### PROBLEM:
Each entry is to be given again exactly; drop the images.

==========

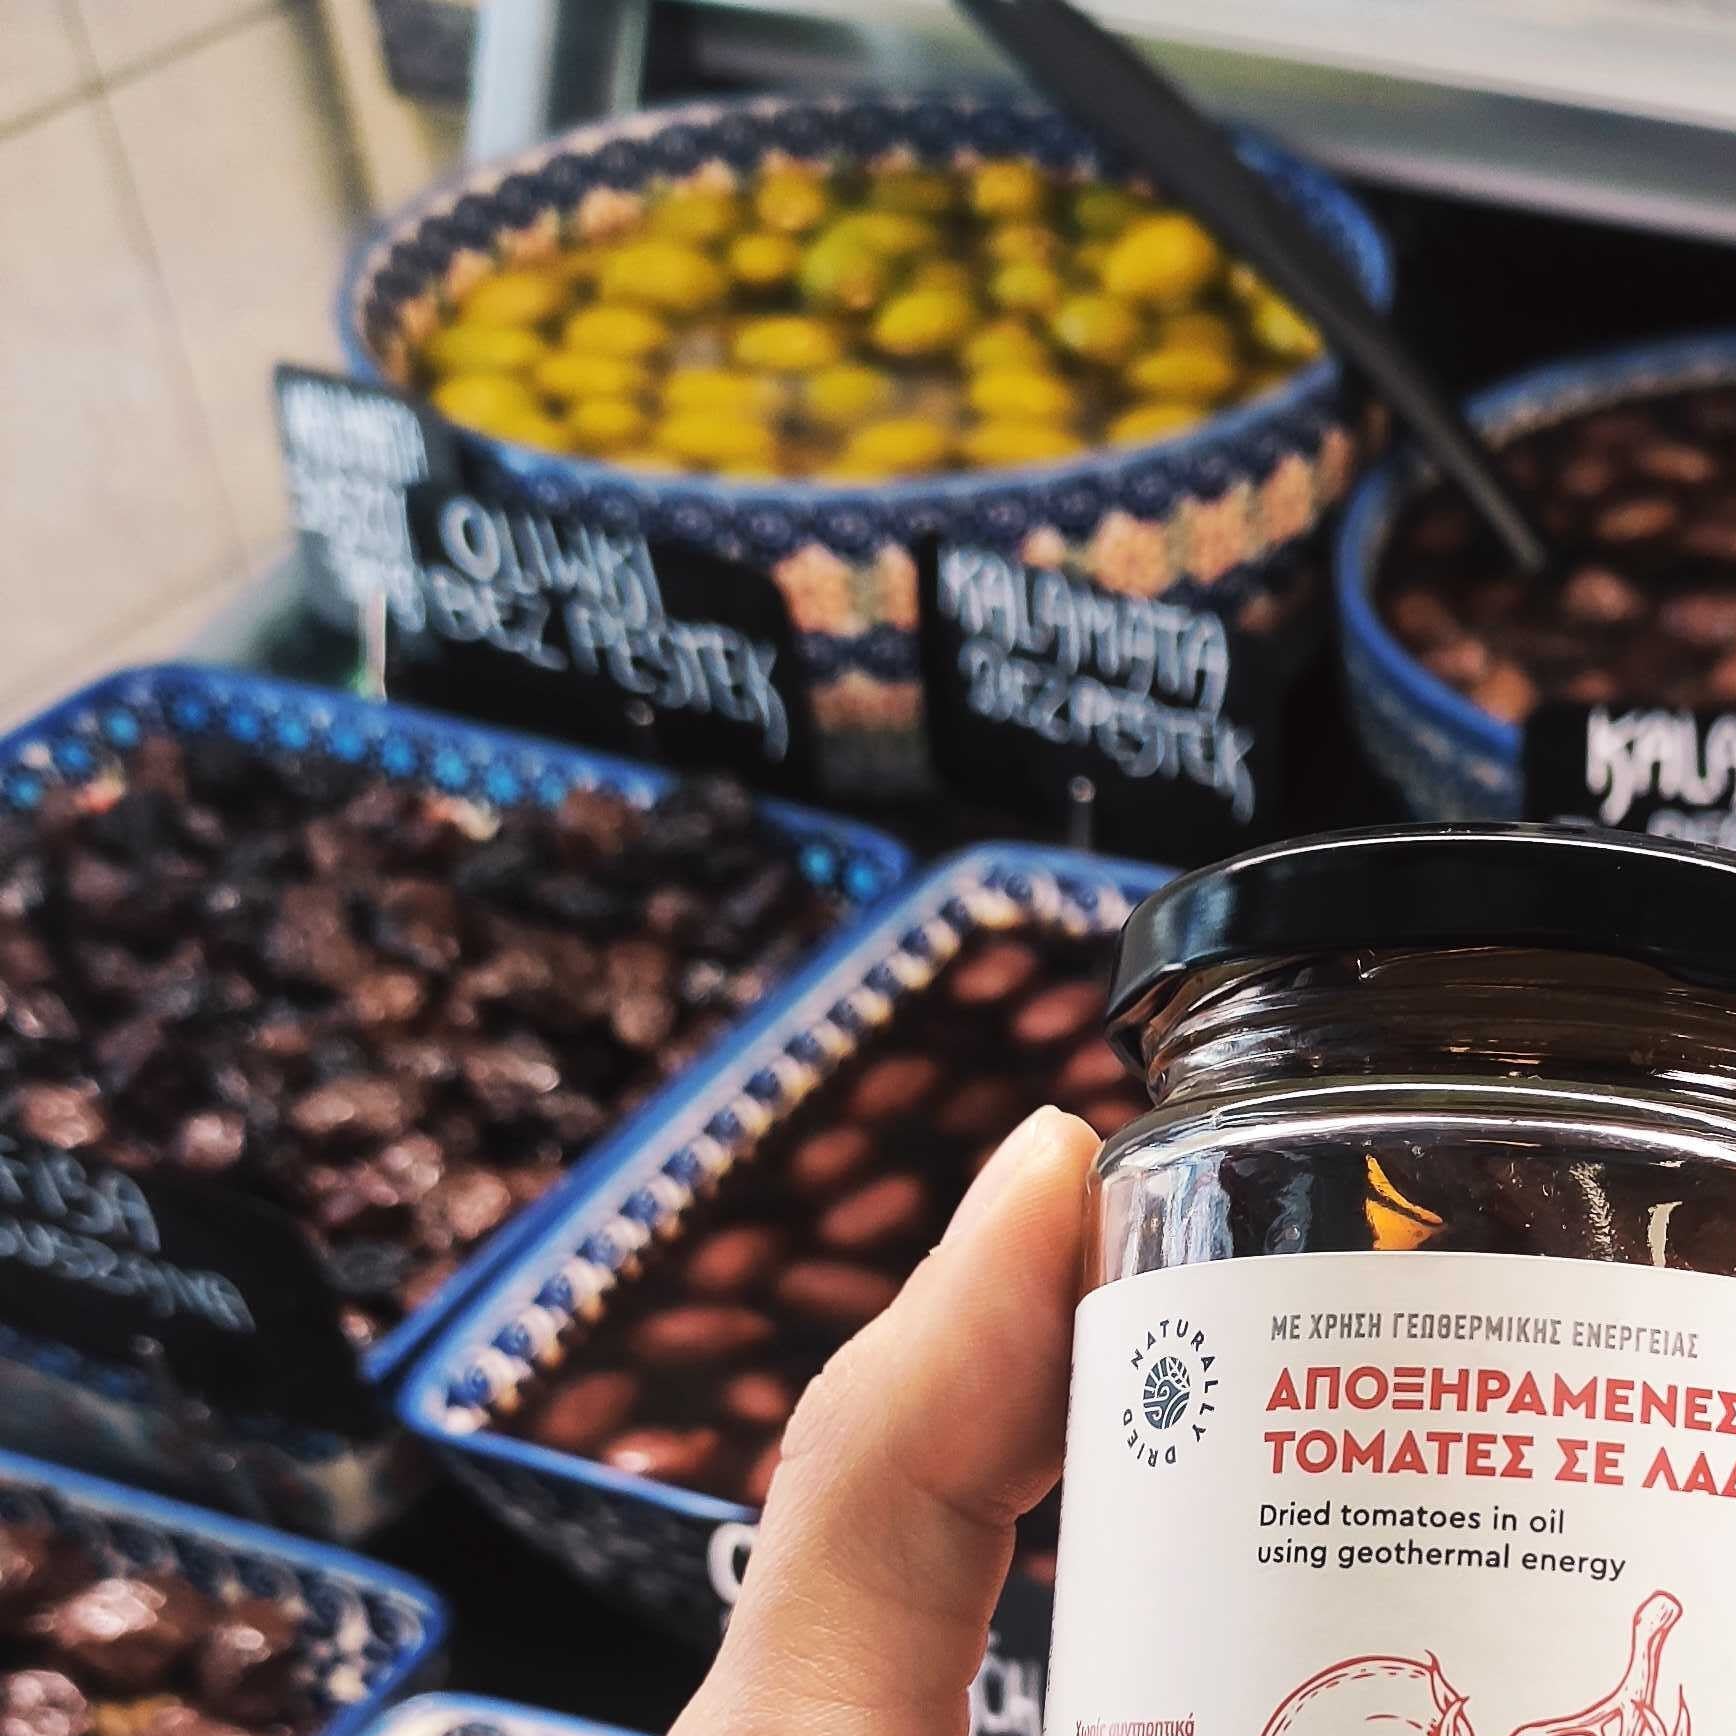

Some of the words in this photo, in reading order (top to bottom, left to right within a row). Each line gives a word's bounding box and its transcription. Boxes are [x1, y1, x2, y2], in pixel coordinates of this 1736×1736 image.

[1271, 1314, 1301, 1341] ΜΕ
[1308, 1312, 1383, 1340] ΧΡΗΣΗ
[1392, 1312, 1562, 1346] ΓΕΩΘΕΡΜΙΚΗΣ
[1572, 1320, 1699, 1359] ΕΝΕΡΓΕΙΑΣ
[1131, 1319, 1219, 1442] NATURALLY
[1122, 1408, 1176, 1467] DRIED
[1264, 1429, 1534, 1479] ΤΟΜΑΤΕΣ
[1555, 1438, 1625, 1486] ΣΕ
[1260, 1500, 1331, 1527] Dried
[1340, 1504, 1481, 1530] tomatoes
[1493, 1505, 1517, 1531] in
[1529, 1508, 1564, 1534] oil
[1258, 1538, 1327, 1569] using
[1338, 1538, 1510, 1569] geothermal
[1521, 1551, 1626, 1582] energy
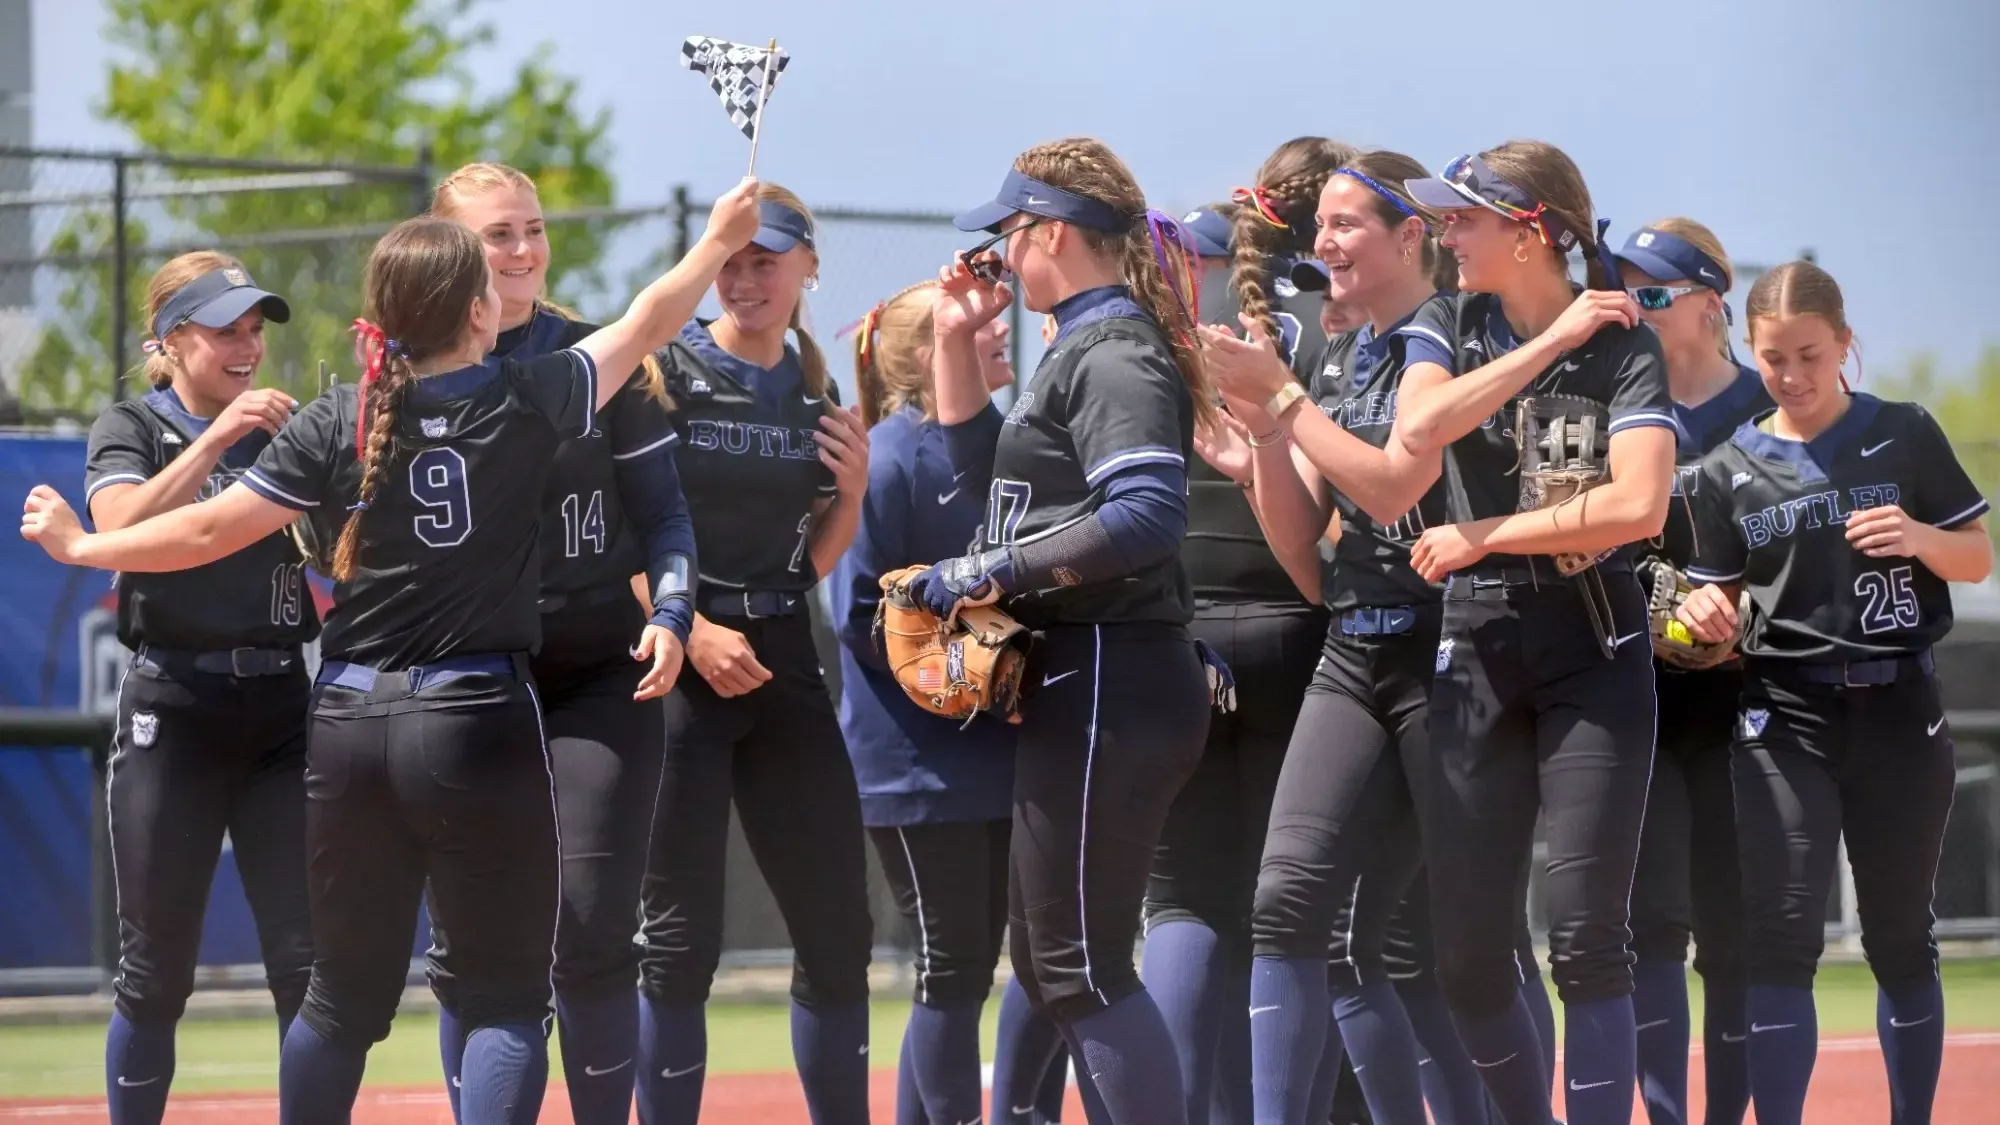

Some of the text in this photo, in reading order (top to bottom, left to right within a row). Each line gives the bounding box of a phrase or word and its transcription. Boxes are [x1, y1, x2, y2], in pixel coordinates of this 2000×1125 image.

[688, 420, 821, 461] BUTLE
[409, 446, 472, 547] 9
[562, 489, 605, 557] 14
[988, 478, 1032, 545] 17
[271, 563, 301, 625] 19
[1855, 566, 1919, 634] 25

==========

### SOLUTION FOR THIS TASK:
Some of the words in this photo, in reading order (top to bottom, left to right within a row). Each line gives a word's bounding box and its transcription. Boxes are [x1, y1, x2, y2], in pixel coordinates of this 1736×1736 image.

[1271, 1314, 1301, 1341] ΜΕ
[1308, 1312, 1383, 1340] ΧΡΗΣΗ
[1392, 1312, 1562, 1346] ΓΕΩΘΕΡΜΙΚΗΣ
[1572, 1320, 1699, 1359] ΕΝΕΡΓΕΙΑΣ
[1131, 1319, 1219, 1442] NATURALLY
[1122, 1408, 1176, 1467] DRIED
[1264, 1429, 1534, 1479] ΤΟΜΑΤΕΣ
[1555, 1438, 1625, 1486] ΣΕ
[1260, 1500, 1331, 1527] Dried
[1340, 1504, 1481, 1530] tomatoes
[1493, 1505, 1517, 1531] in
[1529, 1508, 1564, 1534] oil
[1258, 1538, 1327, 1569] using
[1338, 1538, 1510, 1569] geothermal
[1521, 1551, 1626, 1582] energy

Some of the text in this photo, in reading order (top to bottom, left to right within a row). Each line gives the bounding box of a phrase or word and its transcription. Boxes are [x1, y1, x2, y2], in pixel coordinates of this 2000×1125 image.

[688, 420, 821, 461] BUTLE
[409, 446, 472, 547] 9
[562, 489, 605, 557] 14
[988, 478, 1032, 545] 17
[271, 563, 301, 625] 19
[1855, 566, 1919, 634] 25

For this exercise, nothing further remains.